*Data shown*:
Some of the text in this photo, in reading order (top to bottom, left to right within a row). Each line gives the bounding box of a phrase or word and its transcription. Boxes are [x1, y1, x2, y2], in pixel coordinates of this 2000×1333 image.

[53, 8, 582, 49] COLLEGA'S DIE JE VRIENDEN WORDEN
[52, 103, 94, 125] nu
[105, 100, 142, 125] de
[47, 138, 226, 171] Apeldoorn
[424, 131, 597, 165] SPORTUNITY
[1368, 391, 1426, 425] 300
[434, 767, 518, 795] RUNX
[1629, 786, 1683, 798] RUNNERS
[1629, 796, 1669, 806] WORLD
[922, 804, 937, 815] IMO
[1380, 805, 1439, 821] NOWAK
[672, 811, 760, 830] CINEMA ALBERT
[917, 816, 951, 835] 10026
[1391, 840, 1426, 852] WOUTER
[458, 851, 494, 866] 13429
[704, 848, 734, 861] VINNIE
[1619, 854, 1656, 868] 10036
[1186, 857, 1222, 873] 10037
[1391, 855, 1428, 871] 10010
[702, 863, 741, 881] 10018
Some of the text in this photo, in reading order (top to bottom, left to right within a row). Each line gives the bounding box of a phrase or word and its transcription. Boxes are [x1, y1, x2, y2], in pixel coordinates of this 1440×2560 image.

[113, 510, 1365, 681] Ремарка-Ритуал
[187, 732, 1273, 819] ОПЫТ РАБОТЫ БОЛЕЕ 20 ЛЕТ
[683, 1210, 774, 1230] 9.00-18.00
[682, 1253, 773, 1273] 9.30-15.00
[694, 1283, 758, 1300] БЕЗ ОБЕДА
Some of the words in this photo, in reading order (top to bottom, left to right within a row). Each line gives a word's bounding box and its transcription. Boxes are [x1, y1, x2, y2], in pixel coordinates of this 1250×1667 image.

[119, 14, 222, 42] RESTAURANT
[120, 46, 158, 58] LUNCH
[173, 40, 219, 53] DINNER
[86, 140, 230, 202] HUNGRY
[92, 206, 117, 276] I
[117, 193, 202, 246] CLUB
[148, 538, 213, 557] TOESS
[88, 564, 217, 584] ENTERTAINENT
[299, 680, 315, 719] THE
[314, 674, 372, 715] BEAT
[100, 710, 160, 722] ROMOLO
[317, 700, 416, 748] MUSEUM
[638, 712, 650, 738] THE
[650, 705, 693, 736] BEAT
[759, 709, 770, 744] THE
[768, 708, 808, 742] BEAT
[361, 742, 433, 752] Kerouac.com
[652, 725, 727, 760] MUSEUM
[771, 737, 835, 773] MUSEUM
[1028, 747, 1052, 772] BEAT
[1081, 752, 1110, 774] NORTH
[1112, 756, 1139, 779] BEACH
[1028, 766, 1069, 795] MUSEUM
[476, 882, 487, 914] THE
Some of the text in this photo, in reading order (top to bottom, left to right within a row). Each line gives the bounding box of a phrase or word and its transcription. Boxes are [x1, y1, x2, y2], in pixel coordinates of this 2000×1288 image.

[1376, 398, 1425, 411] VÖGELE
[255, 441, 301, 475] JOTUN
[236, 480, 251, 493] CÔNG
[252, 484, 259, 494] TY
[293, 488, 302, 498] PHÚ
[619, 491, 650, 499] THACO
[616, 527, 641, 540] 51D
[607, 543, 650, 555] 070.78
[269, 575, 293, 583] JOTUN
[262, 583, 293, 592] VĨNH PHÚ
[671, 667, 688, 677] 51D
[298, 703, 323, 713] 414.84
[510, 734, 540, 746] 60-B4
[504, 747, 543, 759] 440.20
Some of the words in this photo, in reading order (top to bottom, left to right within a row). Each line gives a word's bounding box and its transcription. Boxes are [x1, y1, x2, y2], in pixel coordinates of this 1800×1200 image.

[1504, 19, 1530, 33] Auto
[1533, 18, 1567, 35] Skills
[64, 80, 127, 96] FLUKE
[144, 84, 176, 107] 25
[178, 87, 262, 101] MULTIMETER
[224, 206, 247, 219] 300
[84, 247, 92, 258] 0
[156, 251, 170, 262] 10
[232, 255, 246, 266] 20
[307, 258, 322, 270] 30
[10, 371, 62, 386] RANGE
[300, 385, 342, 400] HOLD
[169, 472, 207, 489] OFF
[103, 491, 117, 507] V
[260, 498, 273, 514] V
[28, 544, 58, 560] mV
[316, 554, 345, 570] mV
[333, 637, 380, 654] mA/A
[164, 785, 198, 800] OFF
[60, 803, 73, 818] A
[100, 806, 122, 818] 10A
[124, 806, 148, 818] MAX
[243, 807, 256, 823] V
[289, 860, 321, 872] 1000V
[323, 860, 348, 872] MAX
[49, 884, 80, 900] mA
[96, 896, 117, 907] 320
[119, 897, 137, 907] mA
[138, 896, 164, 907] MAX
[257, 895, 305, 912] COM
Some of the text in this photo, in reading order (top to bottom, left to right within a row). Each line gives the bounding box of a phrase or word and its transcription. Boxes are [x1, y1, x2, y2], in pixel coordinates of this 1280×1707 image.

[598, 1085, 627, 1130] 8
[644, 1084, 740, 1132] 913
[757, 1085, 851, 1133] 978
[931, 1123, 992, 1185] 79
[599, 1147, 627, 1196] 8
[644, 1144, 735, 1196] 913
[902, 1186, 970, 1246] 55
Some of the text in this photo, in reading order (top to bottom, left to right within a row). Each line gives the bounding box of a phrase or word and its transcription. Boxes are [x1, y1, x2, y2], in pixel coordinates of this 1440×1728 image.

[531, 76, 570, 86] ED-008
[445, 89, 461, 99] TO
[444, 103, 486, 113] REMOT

*Problem details*: Write all the data out again, word for word.

*The answer*:
Some of the text in this photo, in reading order (top to bottom, left to right within a row). Each line gives the bounding box of a phrase or word and its transcription. Boxes are [x1, y1, x2, y2], in pixel coordinates of this 2000×1333 image.

[53, 8, 582, 49] COLLEGA'S DIE JE VRIENDEN WORDEN
[52, 103, 94, 125] nu
[105, 100, 142, 125] de
[47, 138, 226, 171] Apeldoorn
[424, 131, 597, 165] SPORTUNITY
[1368, 391, 1426, 425] 300
[434, 767, 518, 795] RUNX
[1629, 786, 1683, 798] RUNNERS
[1629, 796, 1669, 806] WORLD
[922, 804, 937, 815] IMO
[1380, 805, 1439, 821] NOWAK
[672, 811, 760, 830] CINEMA ALBERT
[917, 816, 951, 835] 10026
[1391, 840, 1426, 852] WOUTER
[458, 851, 494, 866] 13429
[704, 848, 734, 861] VINNIE
[1619, 854, 1656, 868] 10036
[1186, 857, 1222, 873] 10037
[1391, 855, 1428, 871] 10010
[702, 863, 741, 881] 10018
Some of the text in this photo, in reading order (top to bottom, left to right within a row). Each line gives the bounding box of a phrase or word and its transcription. Boxes are [x1, y1, x2, y2], in pixel coordinates of this 1440×2560 image.

[113, 510, 1365, 681] Ремарка-Ритуал
[187, 732, 1273, 819] ОПЫТ РАБОТЫ БОЛЕЕ 20 ЛЕТ
[683, 1210, 774, 1230] 9.00-18.00
[682, 1253, 773, 1273] 9.30-15.00
[694, 1283, 758, 1300] БЕЗ ОБЕДА
Some of the words in this photo, in reading order (top to bottom, left to right within a row). Each line gives a word's bounding box and its transcription. Boxes are [x1, y1, x2, y2], in pixel coordinates of this 1250×1667 image.

[119, 14, 222, 42] RESTAURANT
[120, 46, 158, 58] LUNCH
[173, 40, 219, 53] DINNER
[86, 140, 230, 202] HUNGRY
[92, 206, 117, 276] I
[117, 193, 202, 246] CLUB
[148, 538, 213, 557] TOESS
[88, 564, 217, 584] ENTERTAINENT
[299, 680, 315, 719] THE
[314, 674, 372, 715] BEAT
[100, 710, 160, 722] ROMOLO
[317, 700, 416, 748] MUSEUM
[638, 712, 650, 738] THE
[650, 705, 693, 736] BEAT
[759, 709, 770, 744] THE
[768, 708, 808, 742] BEAT
[361, 742, 433, 752] Kerouac.com
[652, 725, 727, 760] MUSEUM
[771, 737, 835, 773] MUSEUM
[1028, 747, 1052, 772] BEAT
[1081, 752, 1110, 774] NORTH
[1112, 756, 1139, 779] BEACH
[1028, 766, 1069, 795] MUSEUM
[476, 882, 487, 914] THE
Some of the text in this photo, in reading order (top to bottom, left to right within a row). Each line gives the bounding box of a phrase or word and its transcription. Boxes are [x1, y1, x2, y2], in pixel coordinates of this 2000×1288 image.

[1376, 398, 1425, 411] VÖGELE
[255, 441, 301, 475] JOTUN
[236, 480, 251, 493] CÔNG
[252, 484, 259, 494] TY
[293, 488, 302, 498] PHÚ
[619, 491, 650, 499] THACO
[616, 527, 641, 540] 51D
[607, 543, 650, 555] 070.78
[269, 575, 293, 583] JOTUN
[262, 583, 293, 592] VĨNH PHÚ
[671, 667, 688, 677] 51D
[298, 703, 323, 713] 414.84
[510, 734, 540, 746] 60-B4
[504, 747, 543, 759] 440.20
Some of the words in this photo, in reading order (top to bottom, left to right within a row). Each line gives a word's bounding box and its transcription. Boxes are [x1, y1, x2, y2], in pixel coordinates of this 1800×1200 image.

[1504, 19, 1530, 33] Auto
[1533, 18, 1567, 35] Skills
[64, 80, 127, 96] FLUKE
[144, 84, 176, 107] 25
[178, 87, 262, 101] MULTIMETER
[224, 206, 247, 219] 300
[84, 247, 92, 258] 0
[156, 251, 170, 262] 10
[232, 255, 246, 266] 20
[307, 258, 322, 270] 30
[10, 371, 62, 386] RANGE
[300, 385, 342, 400] HOLD
[169, 472, 207, 489] OFF
[103, 491, 117, 507] V
[260, 498, 273, 514] V
[28, 544, 58, 560] mV
[316, 554, 345, 570] mV
[333, 637, 380, 654] mA/A
[164, 785, 198, 800] OFF
[60, 803, 73, 818] A
[100, 806, 122, 818] 10A
[124, 806, 148, 818] MAX
[243, 807, 256, 823] V
[289, 860, 321, 872] 1000V
[323, 860, 348, 872] MAX
[49, 884, 80, 900] mA
[96, 896, 117, 907] 320
[119, 897, 137, 907] mA
[138, 896, 164, 907] MAX
[257, 895, 305, 912] COM
Some of the text in this photo, in reading order (top to bottom, left to right within a row). Each line gives the bounding box of a phrase or word and its transcription. Boxes are [x1, y1, x2, y2], in pixel coordinates of this 1280×1707 image.

[598, 1085, 627, 1130] 8
[644, 1084, 740, 1132] 913
[757, 1085, 851, 1133] 978
[931, 1123, 992, 1185] 79
[599, 1147, 627, 1196] 8
[644, 1144, 735, 1196] 913
[902, 1186, 970, 1246] 55
Some of the text in this photo, in reading order (top to bottom, left to right within a row). Each line gives the bounding box of a phrase or word and its transcription. Boxes are [x1, y1, x2, y2], in pixel coordinates of this 1440×1728 image.

[531, 76, 570, 86] ED-008
[445, 89, 461, 99] TO
[444, 103, 486, 113] REMOT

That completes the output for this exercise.